Overall we tapped into the elements of a closed organization that were already in place to build a robust structure while avoiding to be perceived as yet another layer of useless red tape. We also could use this rigor to remove some of the dysfunction of the more open environment that the IT staff inhabited while using their strength of customer focus as the rallying point behind the new processes that we put in place.
One of the lessons I have learned by working with this model over the years is that organizational models usually attract and retain the kinds of people that enjoy them: closed organizations are sustained by people who like clear boundaries and the stabilizing effects of following processes and routines. They want to understand their own role and responsibilities and have clearly defined relationships with their team-mates, managers and customers.
Open organizations will also attract their own set of employees – they enjoy more of a free-form way to organize themselves, the ability to try out new things, to have a more fluid role and to collaborate spontaneously rather than follow a pre-defined way of working. I sometimes think of it as the start-up mindset, because I have seen these kinds of people leave once an organization reaches a certain level of maturity and needs to introduce more clearly defined processes and standards just to remain manageable. You’ll happily find them joining the next start-up.

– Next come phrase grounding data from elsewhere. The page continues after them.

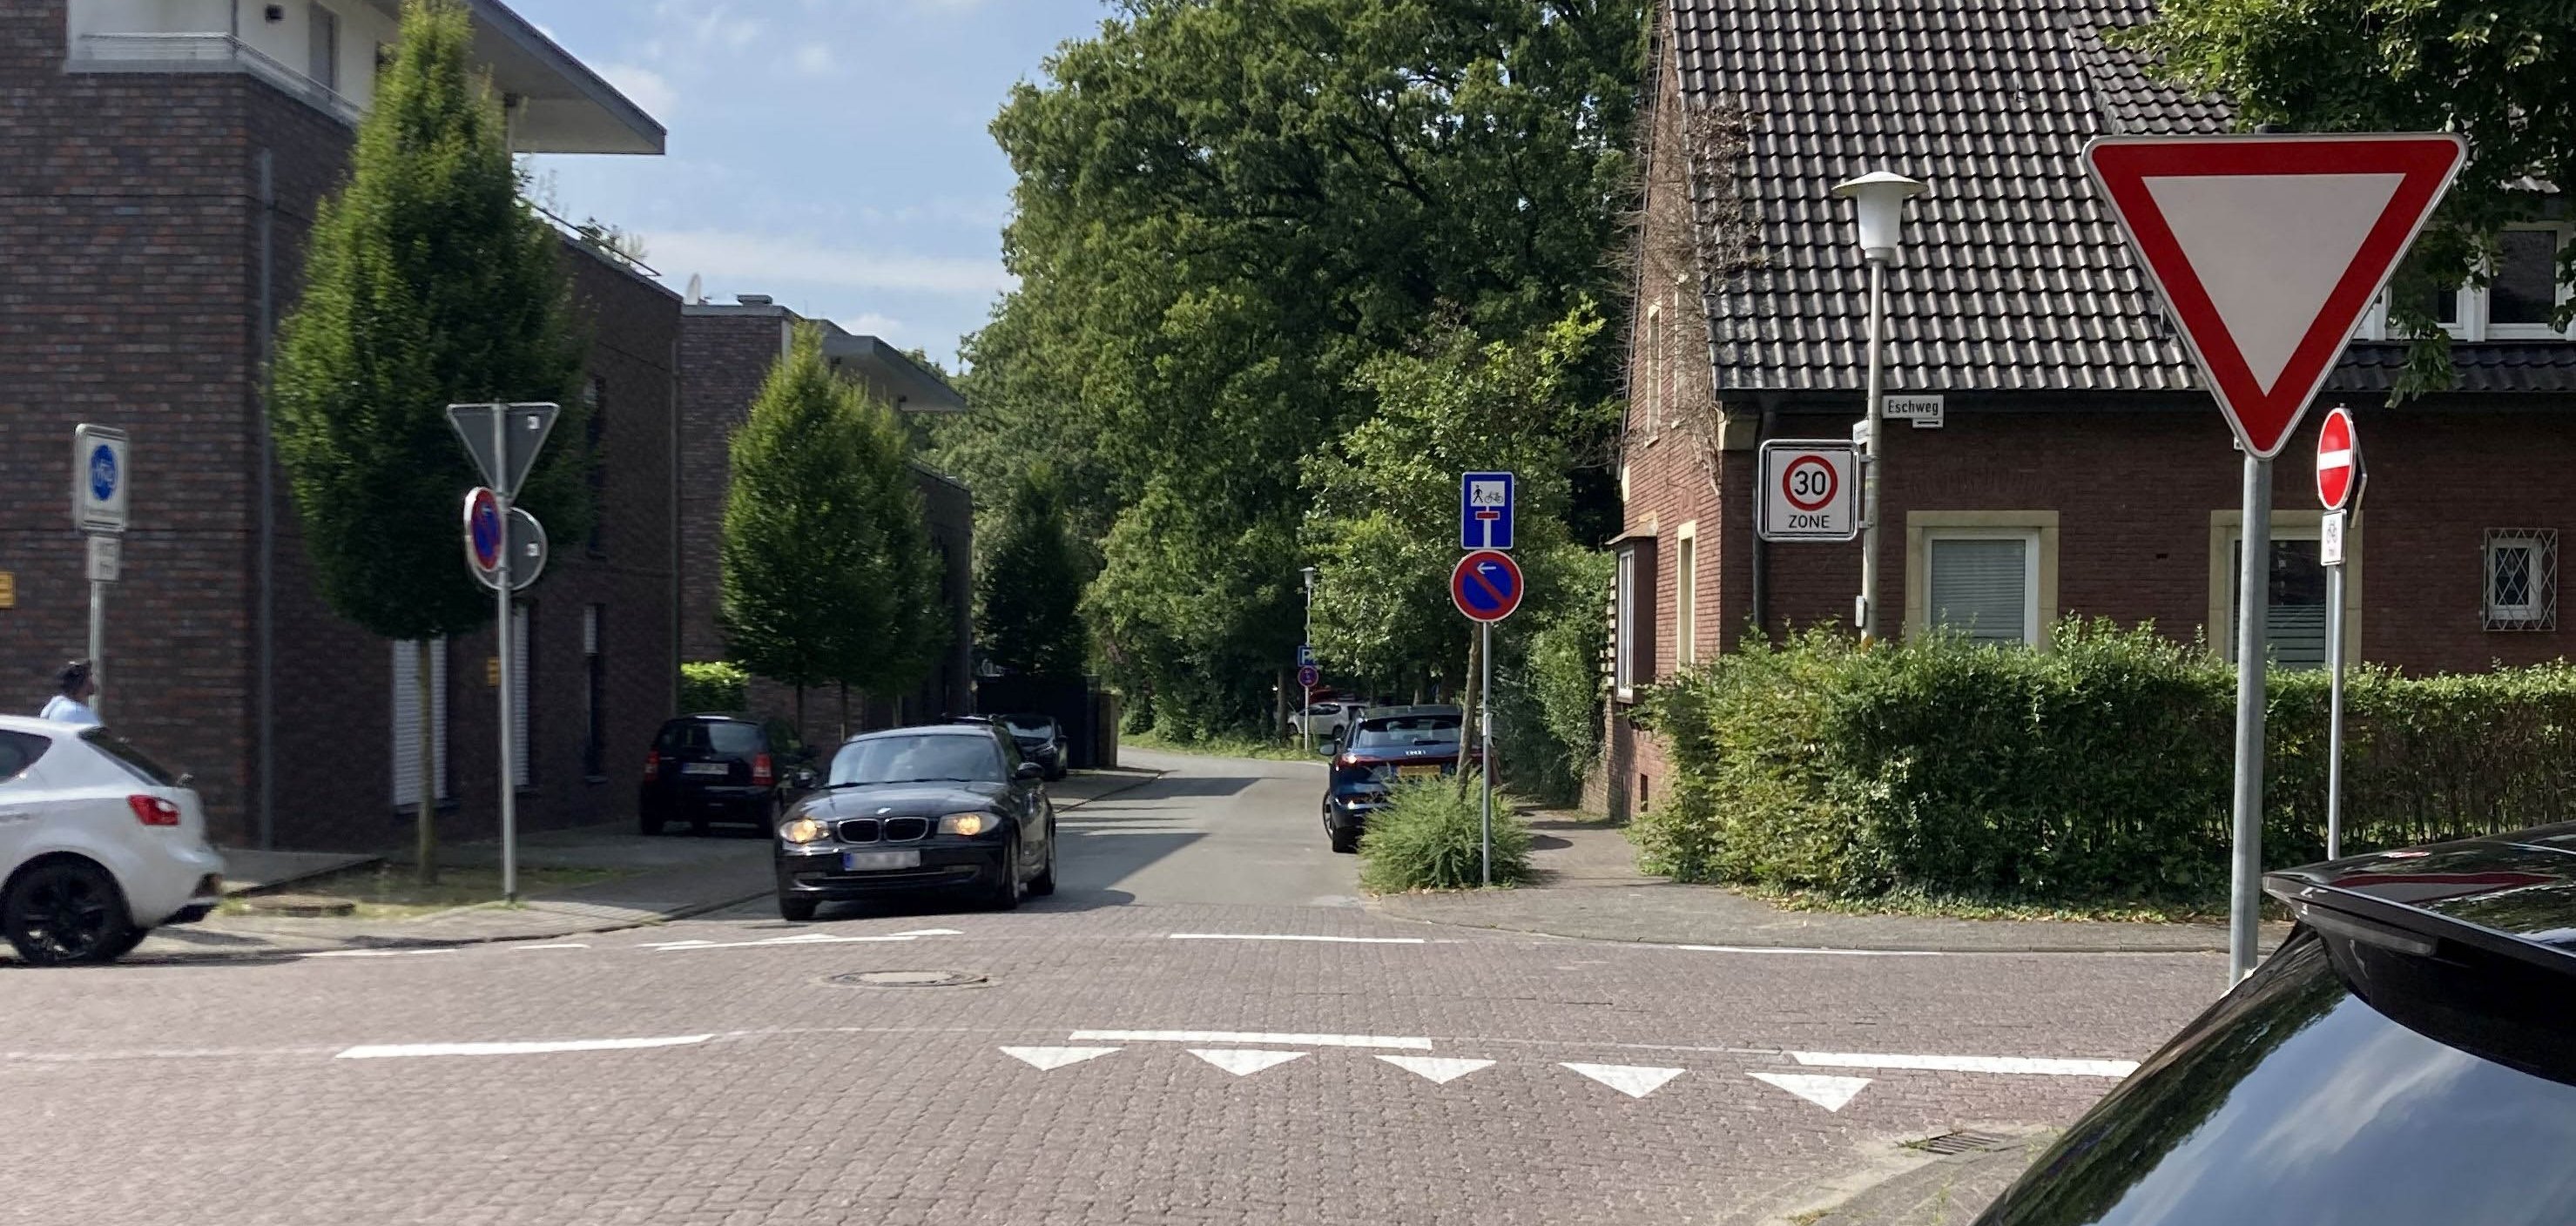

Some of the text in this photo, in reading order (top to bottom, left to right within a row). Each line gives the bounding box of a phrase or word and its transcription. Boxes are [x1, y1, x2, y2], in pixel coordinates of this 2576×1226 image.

[1888, 400, 1939, 415] Eschweg
[1794, 470, 1826, 495] 30
[1788, 515, 1831, 529] ZONE
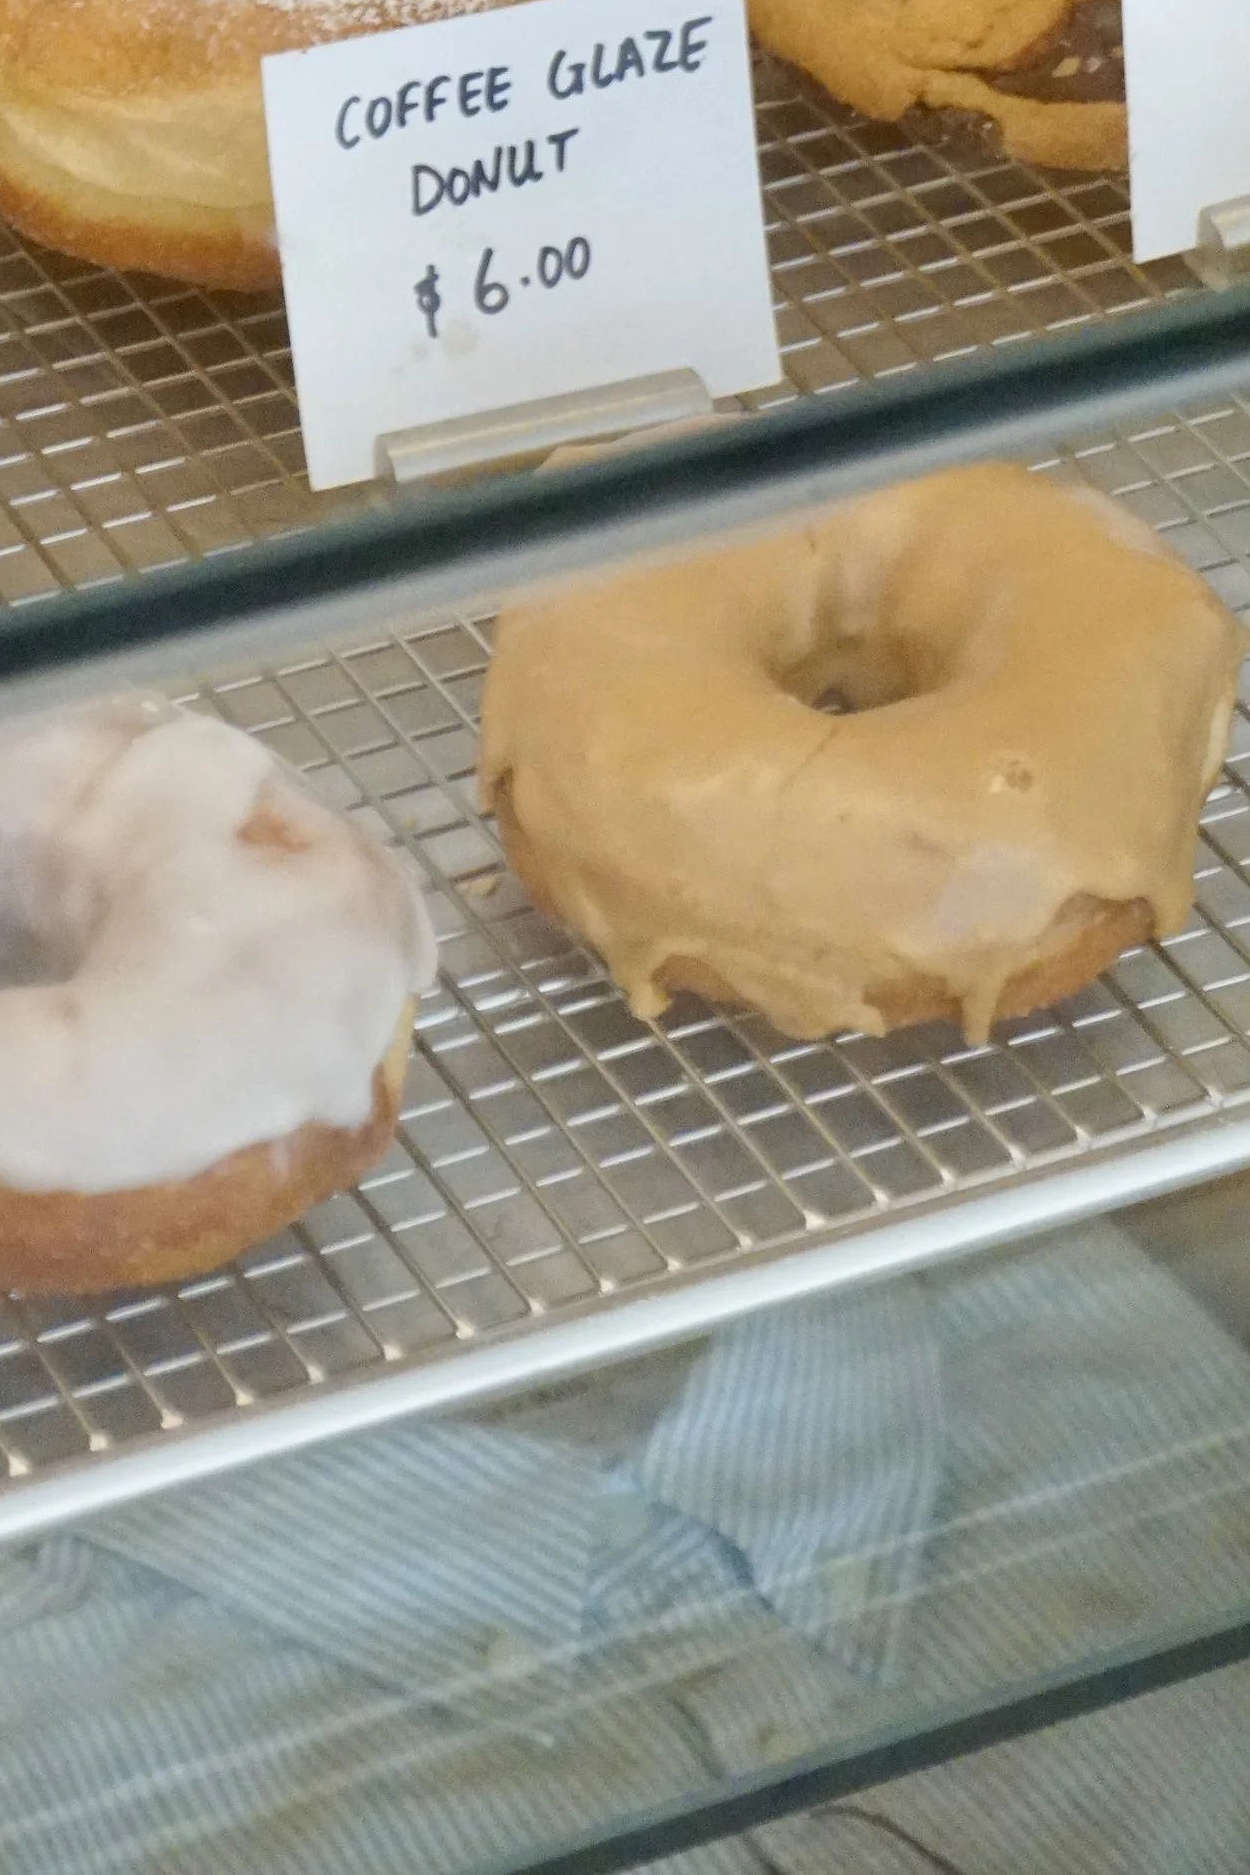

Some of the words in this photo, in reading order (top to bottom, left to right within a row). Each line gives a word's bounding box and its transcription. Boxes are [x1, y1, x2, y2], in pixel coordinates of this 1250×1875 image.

[336, 66, 512, 150] COFFEE
[547, 16, 713, 100] GLAZE
[412, 127, 579, 217] DONUT
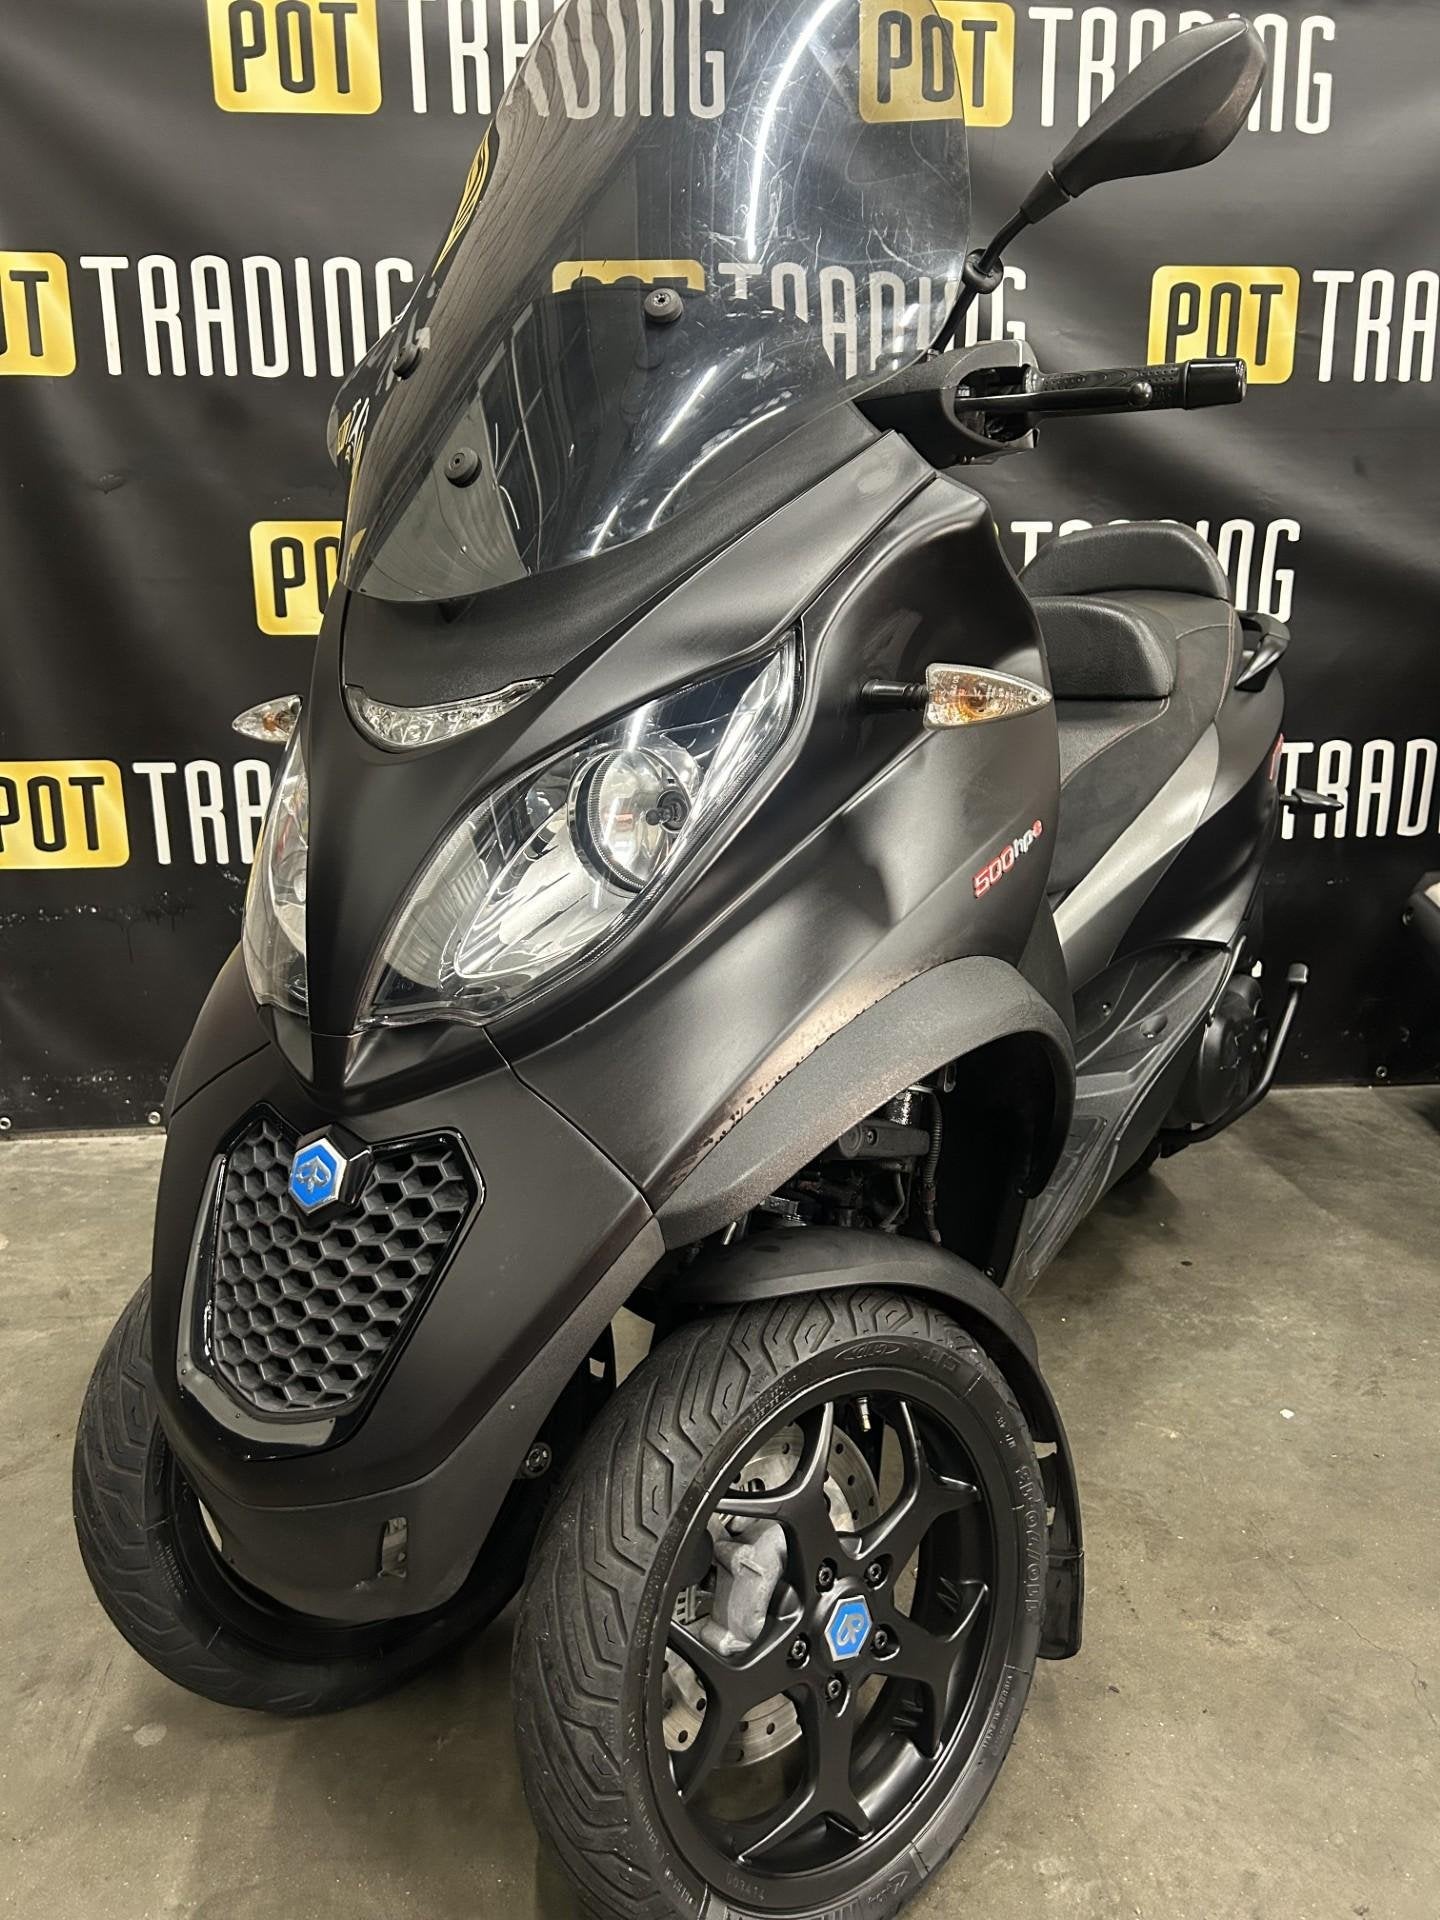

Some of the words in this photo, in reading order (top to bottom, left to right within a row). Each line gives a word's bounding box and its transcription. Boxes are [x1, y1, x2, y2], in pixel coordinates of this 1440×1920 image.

[228, 0, 358, 94] POT
[877, 10, 998, 108] POT
[1164, 281, 1284, 366] POT
[1312, 268, 1440, 383] TRA

In this there is also a lesson for change managers: shifting an organization from open to closed or from closed to open can be done, but client leaders must be aware that if the transition is extreme there will be a price to pay in increased attrition.
It would be quite disruptive to change a relatively closed organization into an open organization over night. Employees would feel insecure, overwhelmed by choices and responsibilities, swamped by the amount of delegation they are facing, and unable to cope with the plurality and conflict of their new environment.
In the opposite situation, stakeholders would resent the loss of freedom, the need to suddenly follow orders, the amount of control that’s taken away from them, and the loss of their individual voice and uniqueness. This is particularly true if the change is following in the tracks of a transition from one company to another during a merger or acquisition.
Change managers need to be aware of these dynamics and talk openly with their clients about some of the people risk involved during far-reaching transformations, such as losing valuable talent.